DALLAS (AP) — Two recent incidents involving young children who refused to wear face masks show how airlines are struggling to balance safety with compassionate treatment of all their customers during a pandemic.
JetBlue Airways forced a woman and her six children off a plane this week when her 2-year-old daughter wouldn’t keep her mask on.
“It was horrible, the whole experience was traumatizing,” the mother, Chaya Bruck, told the New York Daily News from the airport in Orlando, Florida, where the Brooklyn family was stranded.
Last week, a Texas woman said Southwest Airlines booted her family off a plane after one of the children, a 3-year-old with autism, refused to wear a mask. Alyssa Sadler said her son became upset because he does not like to have his face touched.
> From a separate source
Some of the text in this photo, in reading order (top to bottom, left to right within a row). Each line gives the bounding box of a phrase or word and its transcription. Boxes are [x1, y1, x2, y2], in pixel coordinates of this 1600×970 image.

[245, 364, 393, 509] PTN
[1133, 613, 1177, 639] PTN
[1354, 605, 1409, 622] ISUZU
Airline mask debate: Family removed from Southwest flight after 3-year-old son with autism would not wear a face mask
All major U.S. airlines have mask rules and have banned at least a couple hundred passengers who have refused to comply. Typically, the violators are adults who argue that there is no government requirement to wear a mask — there isn’t; the Federal Aviation Administration has declined to impose one, leaving it up to the airlines.
JetBlue and Southwest both require masks for all passengers except those under the age of 2.
A JetBlue spokesman said the company’s policy mirrors guidelines on masks from the U.S. Centers for Disease Control and Prevention.
“During these unprecedented times, our first priority is to keep crew members and customers safe, and we’ve quickly introduced new safety policies and procedures throughout the pandemic,” the airline spokesman, Derek Dombrowski, said in an email.
Dombrowski said customers get an email before their flight that details safety rules including the one on face masks, and employees are ready to help customers who need assistance.